出典: フリー百科事典『ウィキペディア（Wikipedia）』 (2025/04/05 23:13 UTC 版)

微水系（びすいけい）(microaqueous system または micro-aqueous system)は、酵素や生細胞による触媒反応の一つ。微水系をJISの定義より少し範囲を広げて、「従来の一般的な酵素反応・微生物反応に比較して使用される水の量が著しく少ない反応系」について議論する。また、酵素反応および微生物反応はまとめれば生化学反応であるから、「酵素や生物細胞（主に微生物菌体, whole cell）を触媒として使用する生化学反応（すなわち、酵素反応および微生物反応）」と定義する。ついで、概要で微水系における生化学反応の利点を7点述べる。さらに、微水系を有機溶媒系と無溶媒系の2分野に分類して、無溶媒系の利点を4点述べる。本文として、微水系における水の状態（酵素蛋白質に結合した水の量と溶媒中に溶解した遊離水の量との関係）を定量的に記述する。また、微水系における酵素の種類及びその使用形態、使用される有機溶媒の種類について詳しく述べる。最後に、微水系バイオリアクターについて概説する。

定義

微水系とは、日本工業規格 (JIS)の生体工学用語（生体科学部門）では「従来の一般的な酵素反応・微生物反応に比較して有機溶媒中で使用される水の量が著しく少ない反応系」と定義されている^[1]。
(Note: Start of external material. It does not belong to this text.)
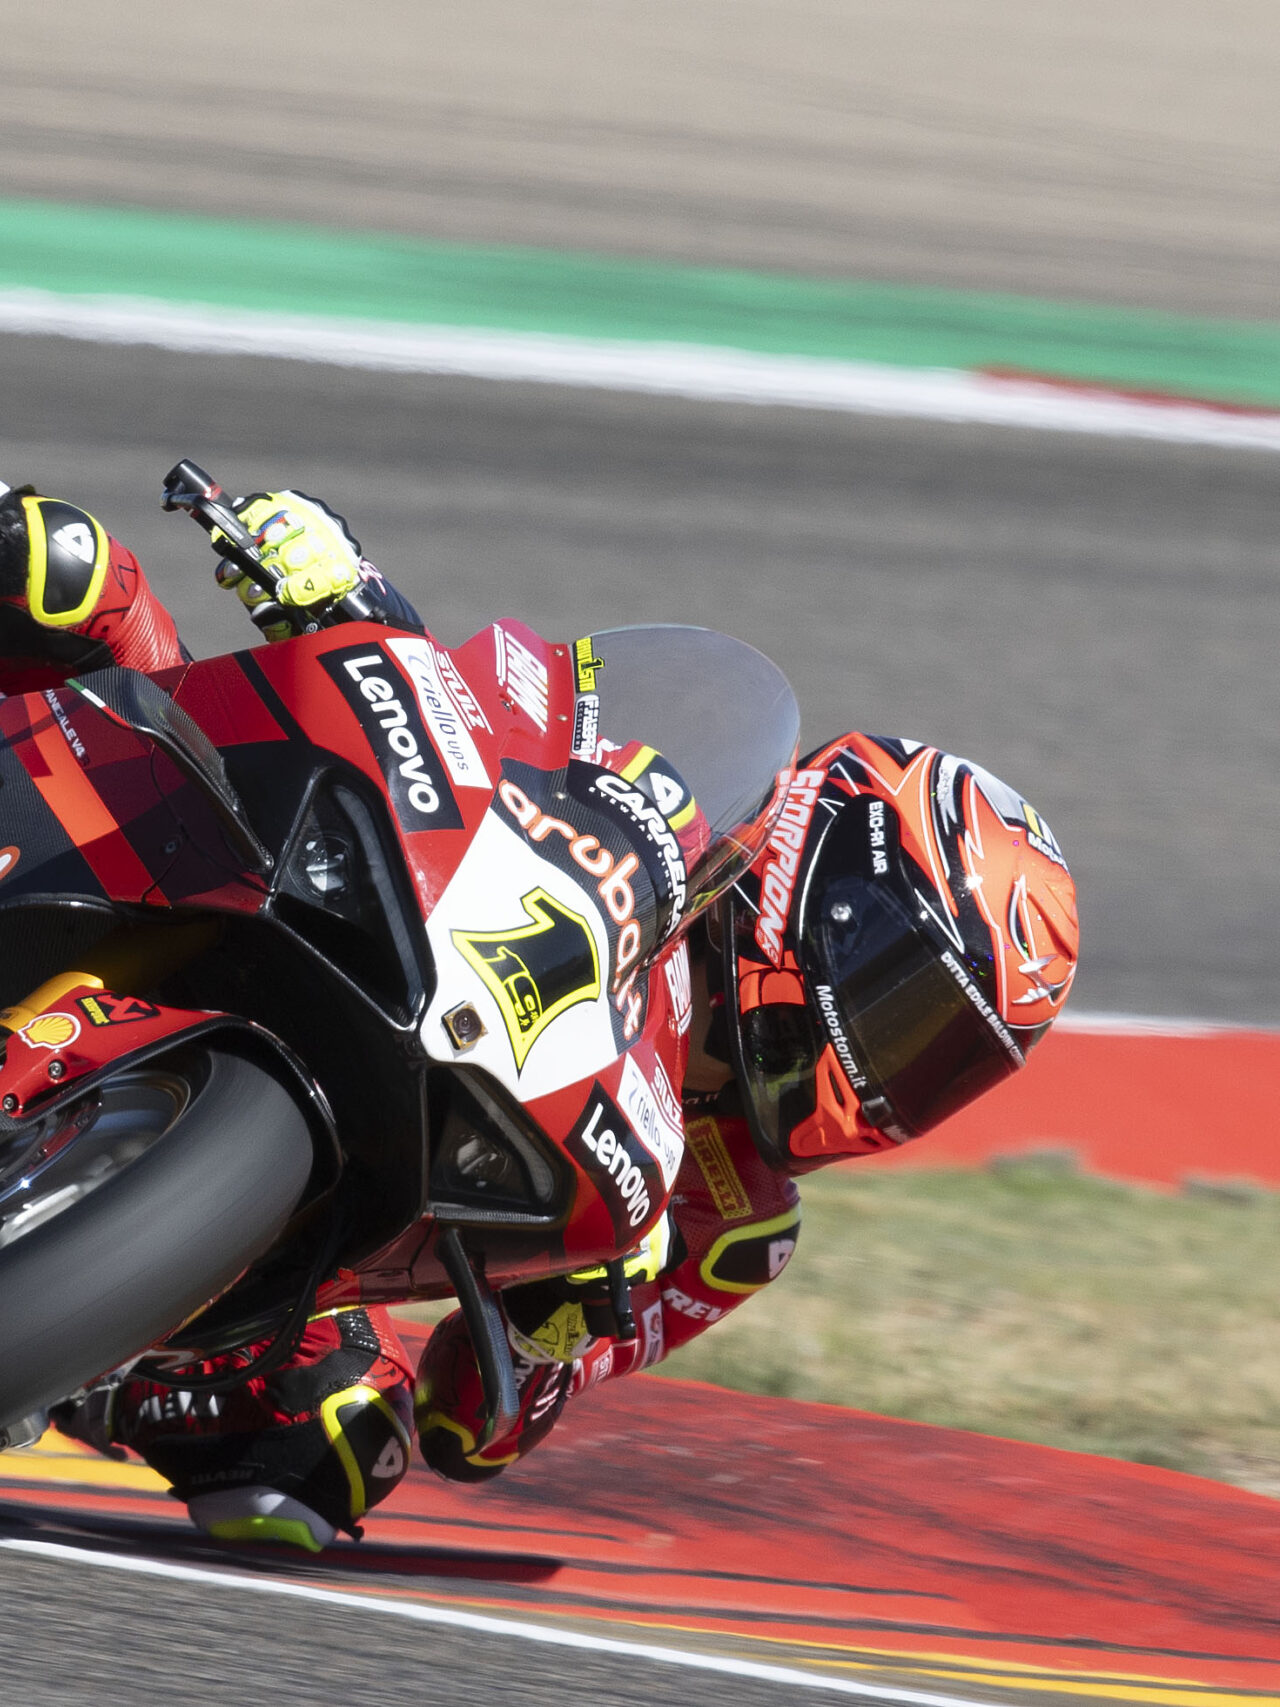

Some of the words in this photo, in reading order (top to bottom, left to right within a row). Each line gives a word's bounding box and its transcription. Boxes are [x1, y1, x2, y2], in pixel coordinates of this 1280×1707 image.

しかし、後述するように、有機溶媒を使用しない系での生化学反応も多数あるので、JISの定義よりも少し範囲を広げて、「従来の一般的な酵素反応・微生物反応に比較して使用される水の量が著しく少ない生化学反応系」について議論する。ここで、生化学反応とは、酵素(enzyme)や生物細胞（主に微生物菌体, whole cell）を触媒として使用する化学反応の総称である。また、酵素や微生物菌体をまとめて、生体触媒(biocatalyst)と総称することもある。

概要

酵素反応や微生物反応は、一般的には大過剰の水の中に存在する酵素もしくは微生物によって引き起こされる反応である。しかし、反応系の水の量を減らすことによって、収率や生産性が飛躍的に向上する場合がある。有機溶媒を用いる生化学反応はほぼすべてこれに含まれる。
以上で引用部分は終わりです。